Problem to work on — Output every entry below word for word, minus the images.

Provided records —
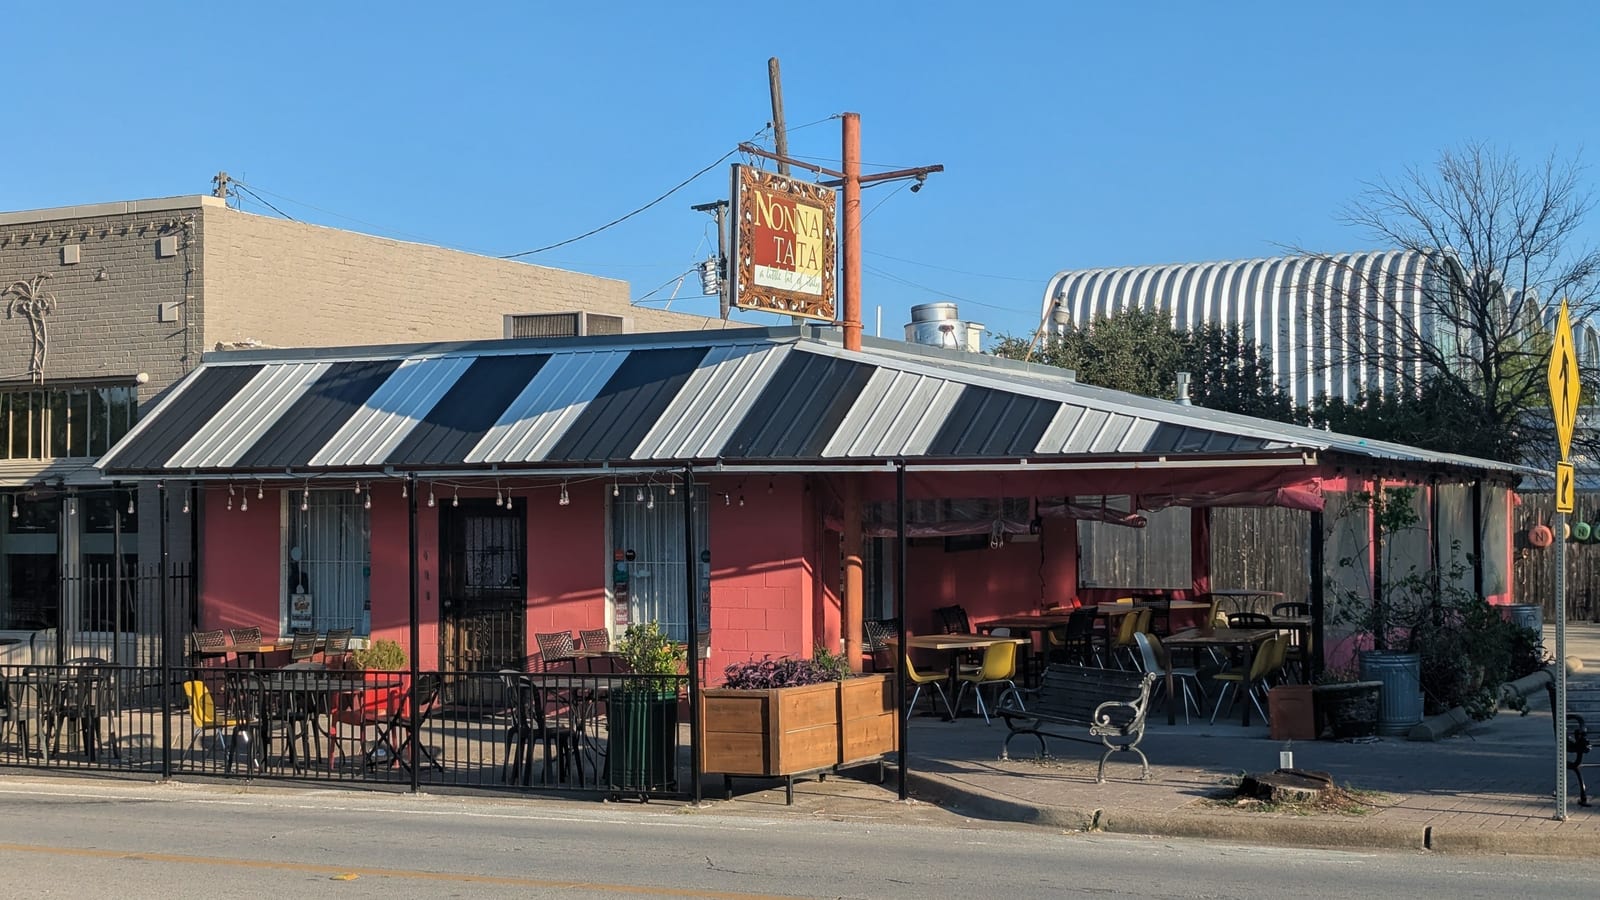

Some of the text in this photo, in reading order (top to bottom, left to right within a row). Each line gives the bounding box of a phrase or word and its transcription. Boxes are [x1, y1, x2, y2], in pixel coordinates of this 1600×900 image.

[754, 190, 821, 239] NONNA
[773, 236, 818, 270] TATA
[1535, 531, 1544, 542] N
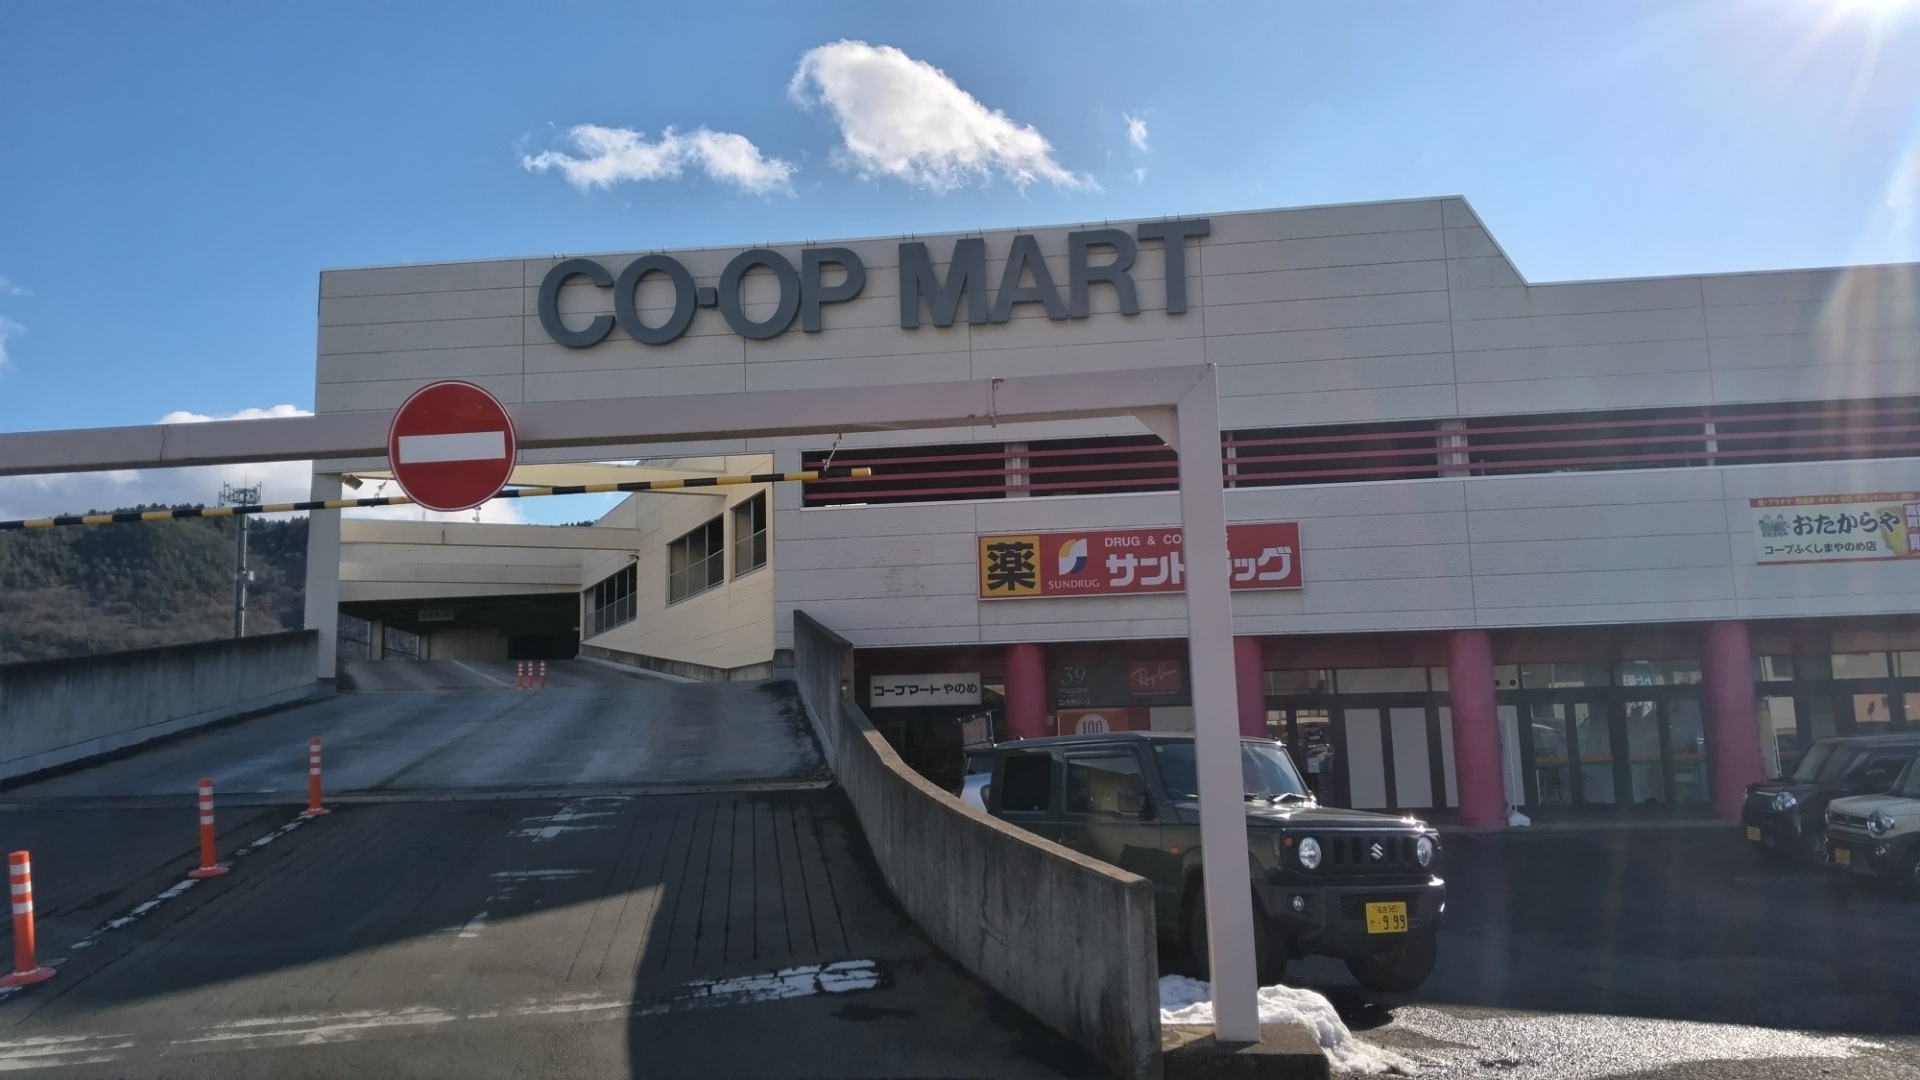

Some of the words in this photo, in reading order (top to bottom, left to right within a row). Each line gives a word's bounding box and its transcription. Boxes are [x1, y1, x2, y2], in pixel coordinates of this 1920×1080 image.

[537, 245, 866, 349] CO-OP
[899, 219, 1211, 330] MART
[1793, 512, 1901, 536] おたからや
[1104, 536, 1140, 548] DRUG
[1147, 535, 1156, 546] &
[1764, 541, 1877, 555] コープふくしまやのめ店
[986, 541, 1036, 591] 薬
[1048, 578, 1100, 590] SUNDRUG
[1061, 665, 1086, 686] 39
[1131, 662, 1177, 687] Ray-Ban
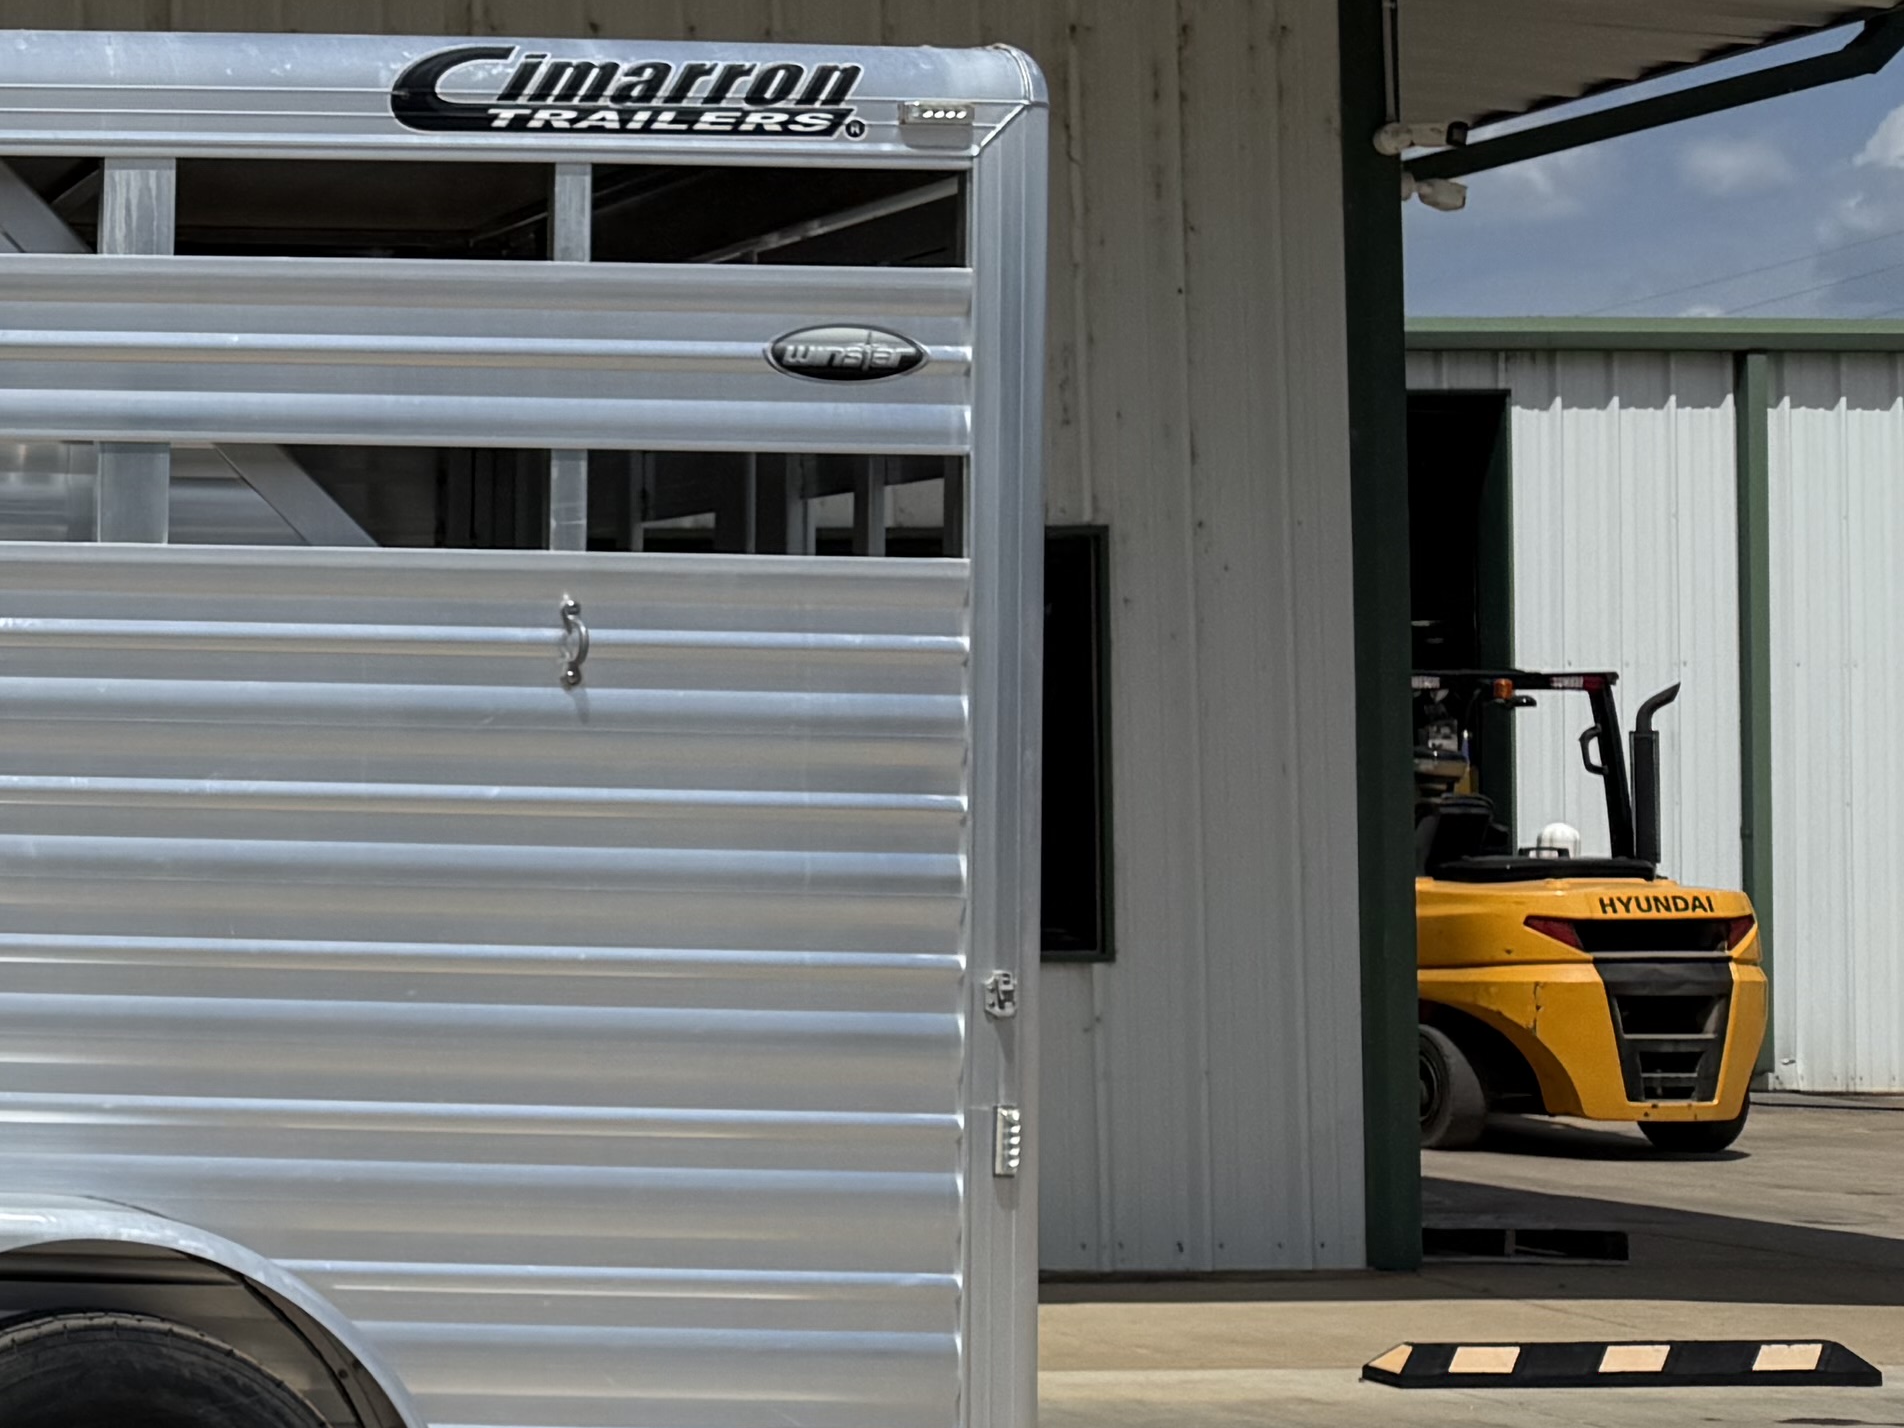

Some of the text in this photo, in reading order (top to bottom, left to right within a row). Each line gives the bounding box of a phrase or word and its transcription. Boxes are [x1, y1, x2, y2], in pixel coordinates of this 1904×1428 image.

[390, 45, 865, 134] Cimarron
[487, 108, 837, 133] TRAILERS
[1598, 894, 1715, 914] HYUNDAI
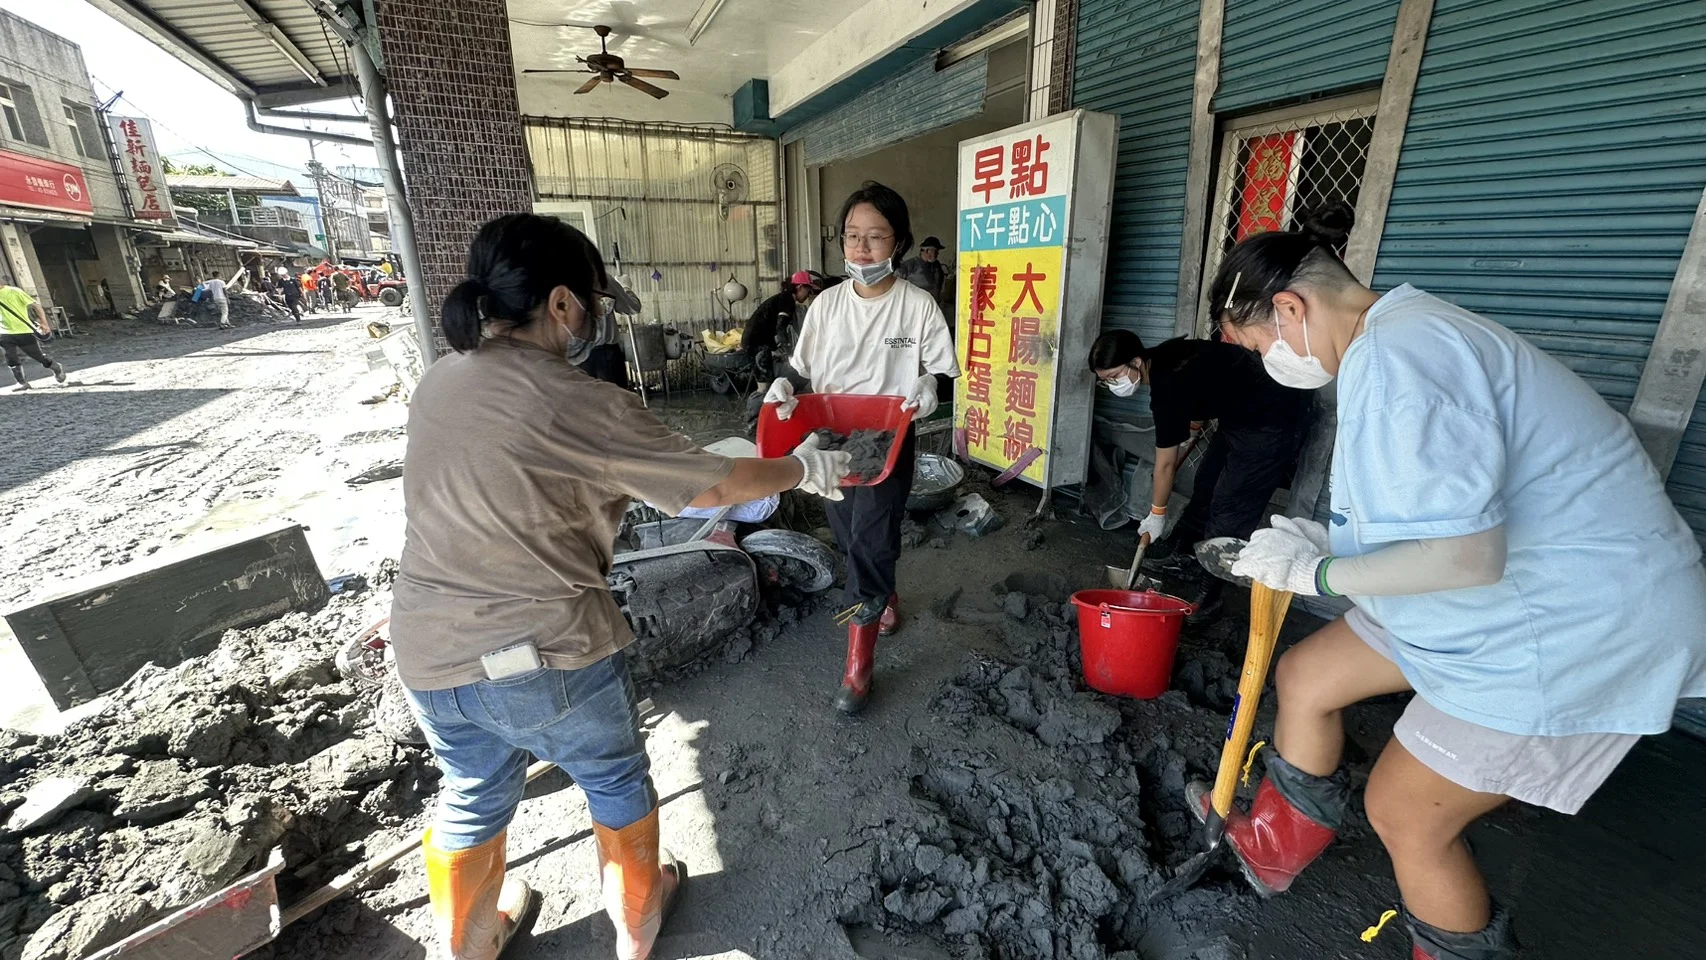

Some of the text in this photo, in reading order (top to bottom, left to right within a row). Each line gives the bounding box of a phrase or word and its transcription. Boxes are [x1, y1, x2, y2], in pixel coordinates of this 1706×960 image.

Solution to the problem —
Some of the text in this photo, in reading order (top to bottom, left to right within a row). Each line gives the bounding box of a phrase or word and its transcription. Boxes are [x1, y1, x2, y2], in pixel coordinates of this 1600×900 image.

[754, 190, 821, 239] NONNA
[773, 236, 818, 270] TATA
[1535, 531, 1544, 542] N

Some of the words in this photo, in reading order (top to bottom, left to right within a row). Each line gives a word's bounding box and its transcription. Boxes are [x1, y1, x2, y2], in pixel coordinates of this 1920×1080 image.

[537, 245, 866, 349] CO-OP
[899, 219, 1211, 330] MART
[1793, 512, 1901, 536] おたからや
[1104, 536, 1140, 548] DRUG
[1147, 535, 1156, 546] &
[1764, 541, 1877, 555] コープふくしまやのめ店
[986, 541, 1036, 591] 薬
[1048, 578, 1100, 590] SUNDRUG
[1061, 665, 1086, 686] 39
[1131, 662, 1177, 687] Ray-Ban

Some of the text in this photo, in reading order (top to bottom, left to right within a row). Each line gives the bounding box of a phrase or word and its transcription. Boxes are [x1, y1, x2, y2], in pixel coordinates of this 1904×1428 image.

[390, 45, 865, 134] Cimarron
[487, 108, 837, 133] TRAILERS
[1598, 894, 1715, 914] HYUNDAI

Some of the text in this photo, in reading order (top to bottom, left to right within a row). Each line gives the bounding box of a phrase or word and its transcription. Boxes are [x1, y1, x2, y2], in pixel coordinates of this 1706×960 image.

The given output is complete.